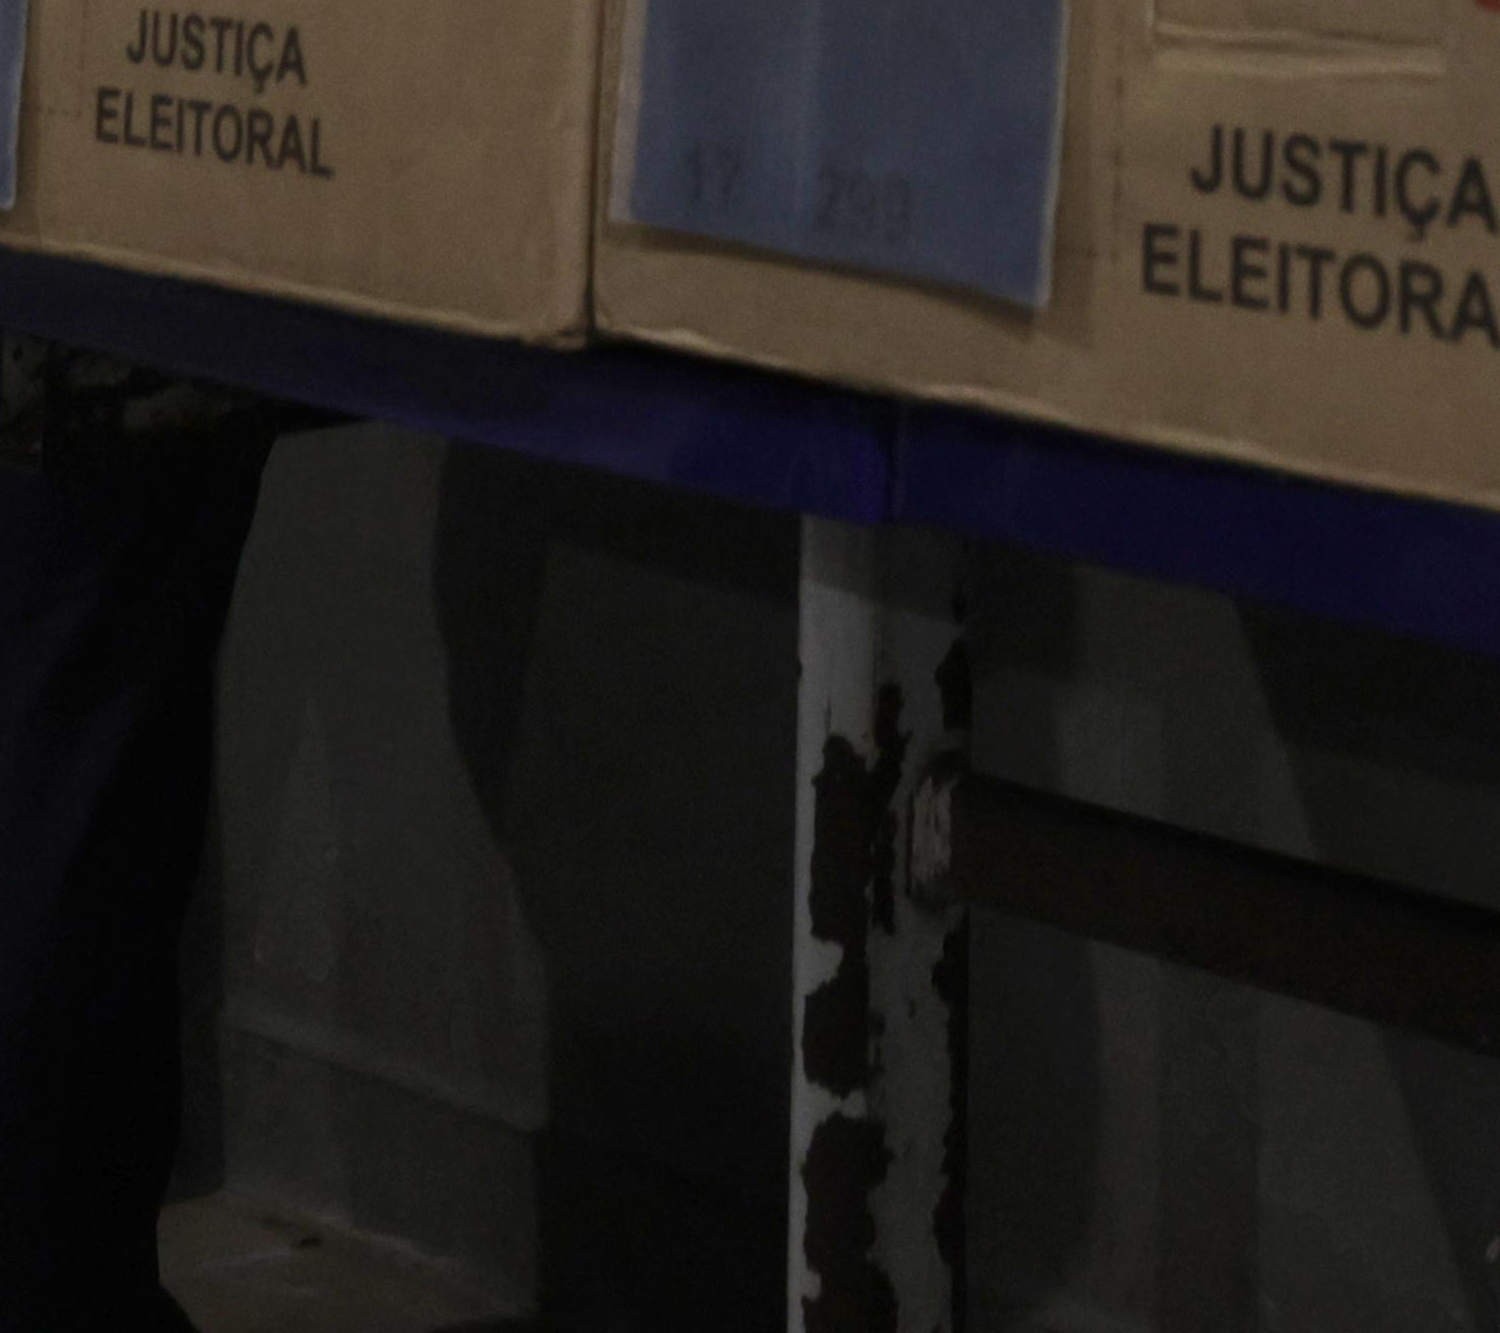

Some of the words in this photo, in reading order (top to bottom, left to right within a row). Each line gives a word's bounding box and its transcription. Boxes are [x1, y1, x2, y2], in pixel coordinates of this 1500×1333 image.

[124, 12, 306, 103] JUSTIÇA
[94, 81, 331, 178] ELEITORAL
[1188, 128, 1498, 251] JUSTIÇA
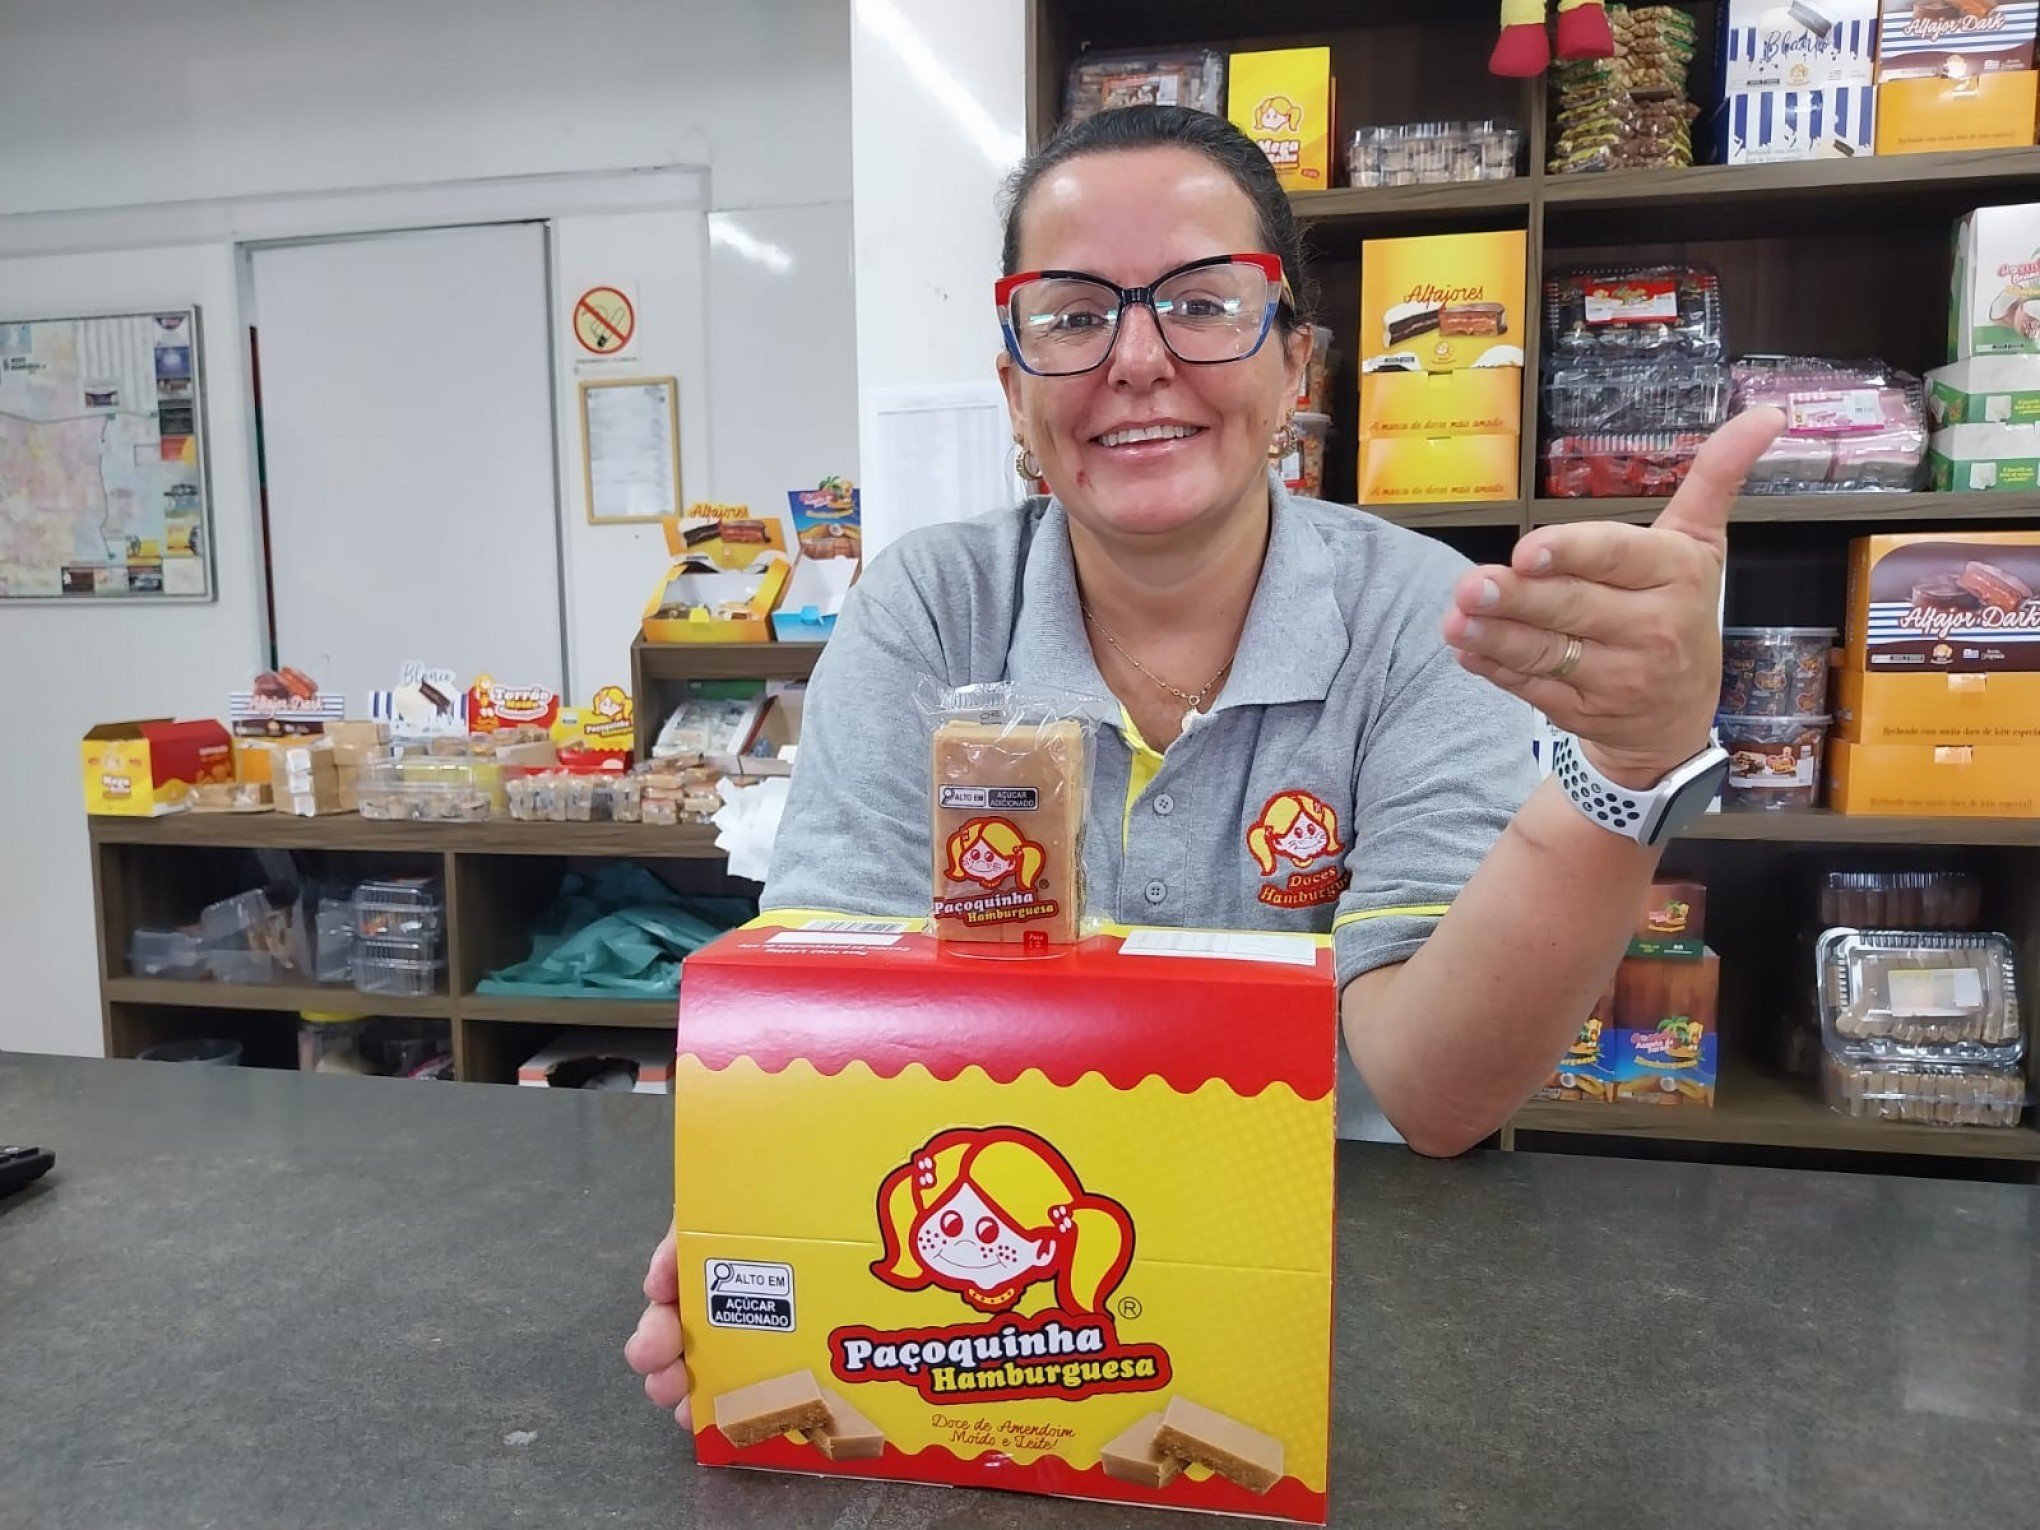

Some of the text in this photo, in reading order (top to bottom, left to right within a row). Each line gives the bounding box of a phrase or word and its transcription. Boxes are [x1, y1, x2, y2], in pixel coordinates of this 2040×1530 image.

[1904, 11, 2005, 41] Alfajor Dark
[1404, 284, 1484, 309] Alfajores
[1900, 606, 2040, 640] Alfajor Dark
[954, 793, 972, 801] ALTO
[1289, 866, 1337, 887] Doces
[934, 892, 1034, 915] Paçoquinha
[968, 904, 1054, 923] Hamburguesa
[735, 1273, 785, 1287] ALTO EM
[726, 1296, 776, 1312] AÇÚCAR
[715, 1311, 789, 1327] ADICIONADO
[844, 1323, 1103, 1372] Paçoquinha
[932, 1356, 1156, 1392] Hamburguesa
[931, 1413, 1076, 1437] Doce de Amendoim
[1001, 1437, 1012, 1447] e

· · ·

Problem statement
The entire listing above, word for word and without pictures, is what should be output.

Solution for this exercise
Some of the words in this photo, in reading order (top to bottom, left to right within a row). Each line gives a word's bounding box and its transcription. Boxes are [x1, y1, x2, y2], in pixel coordinates of this 1500×1333 image.

[124, 12, 306, 103] JUSTIÇA
[94, 81, 331, 178] ELEITORAL
[1188, 128, 1498, 251] JUSTIÇA

Some of the text in this photo, in reading order (top to bottom, left to right within a row). Each line gives the bounding box of a phrase or word and its transcription. Boxes are [x1, y1, x2, y2], in pixel coordinates of this 2040×1530 image.

[1904, 11, 2005, 41] Alfajor Dark
[1404, 284, 1484, 309] Alfajores
[1900, 606, 2040, 640] Alfajor Dark
[954, 793, 972, 801] ALTO
[1289, 866, 1337, 887] Doces
[934, 892, 1034, 915] Paçoquinha
[968, 904, 1054, 923] Hamburguesa
[735, 1273, 785, 1287] ALTO EM
[726, 1296, 776, 1312] AÇÚCAR
[715, 1311, 789, 1327] ADICIONADO
[844, 1323, 1103, 1372] Paçoquinha
[932, 1356, 1156, 1392] Hamburguesa
[931, 1413, 1076, 1437] Doce de Amendoim
[1001, 1437, 1012, 1447] e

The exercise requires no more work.